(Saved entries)
[Start of Attachment]

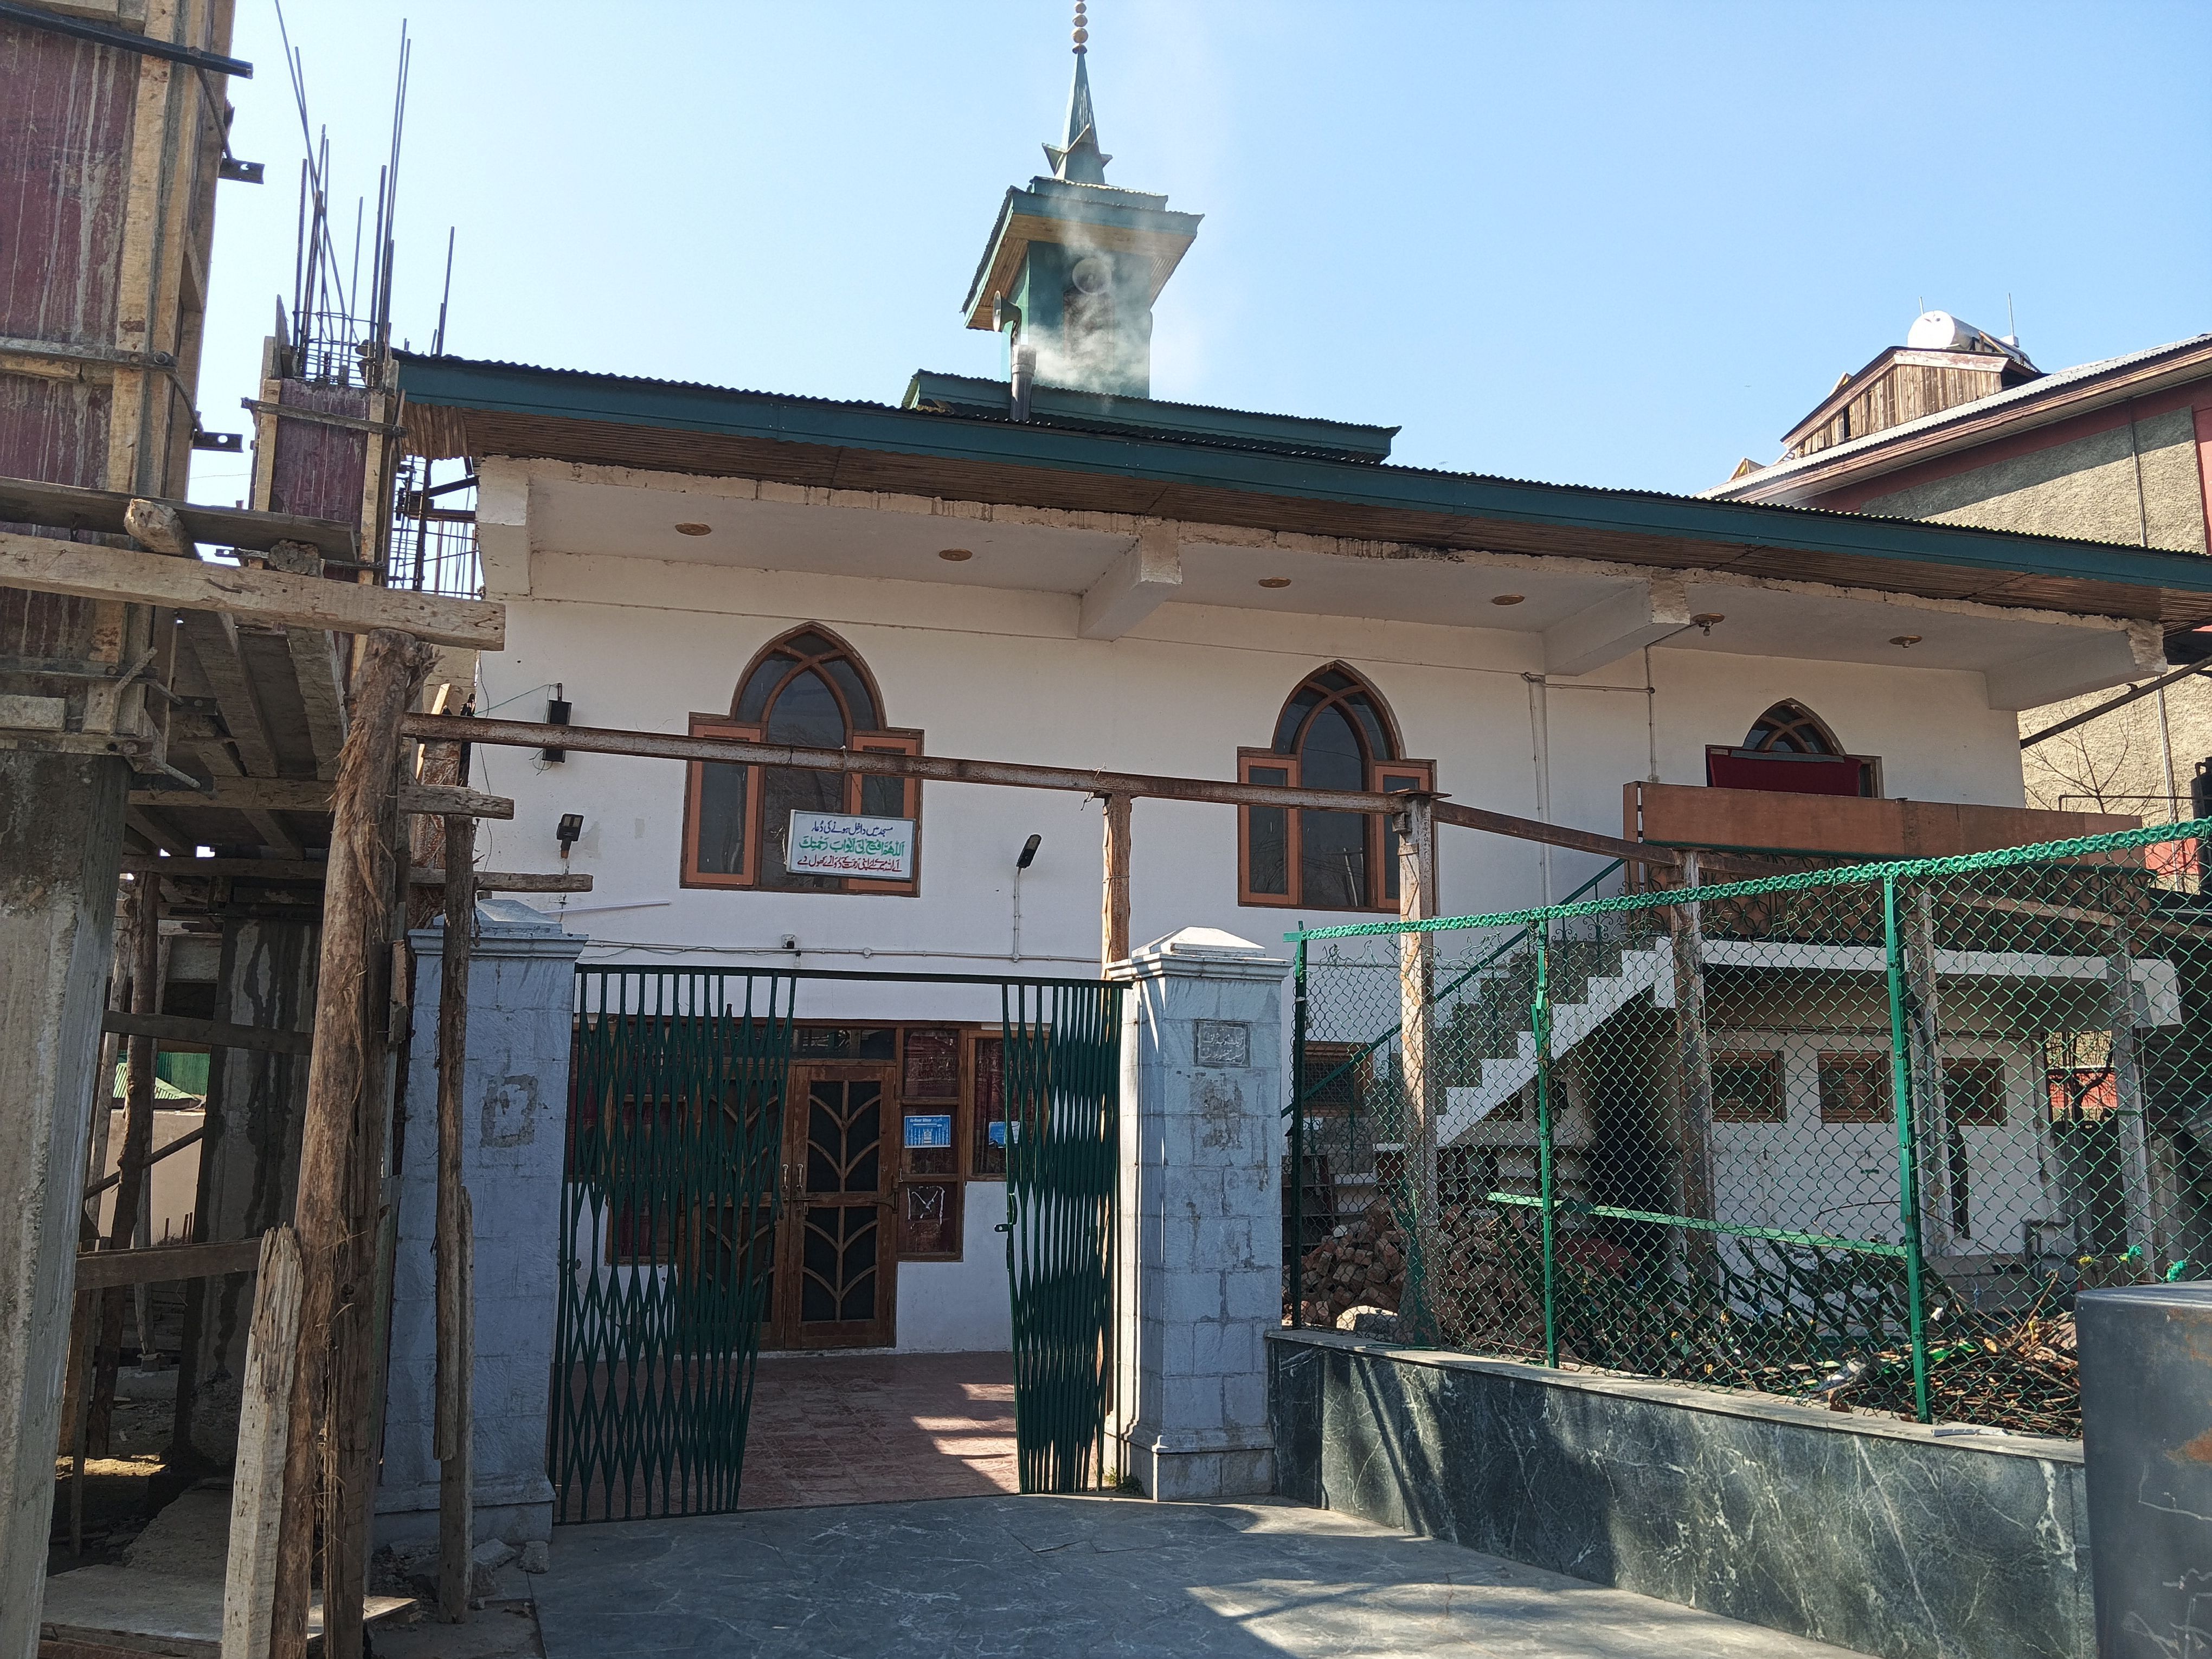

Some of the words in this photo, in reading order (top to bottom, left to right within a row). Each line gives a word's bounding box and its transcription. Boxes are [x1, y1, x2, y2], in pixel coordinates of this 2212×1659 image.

[824, 820, 832, 834] کی
[831, 821, 850, 834] ہونے
[866, 826, 879, 837] میں
[878, 826, 893, 837] مسجد
[798, 856, 808, 865] دے
[809, 854, 827, 867] کھول
[858, 858, 869, 871] اپنی

[End of Attachment]

▸ **TASK ITEM**
The response should contain every record above exactly as written, and none of the pictures.

▸ **WORKED SOLUTION**
Some of the words in this photo, in reading order (top to bottom, left to right within a row). Each line gives a word's bounding box and its transcription. Boxes are [x1, y1, x2, y2], in pixel coordinates of this 2212×1659 image.

[824, 820, 832, 834] کی
[831, 821, 850, 834] ہونے
[866, 826, 879, 837] میں
[878, 826, 893, 837] مسجد
[798, 856, 808, 865] دے
[809, 854, 827, 867] کھول
[858, 858, 869, 871] اپنی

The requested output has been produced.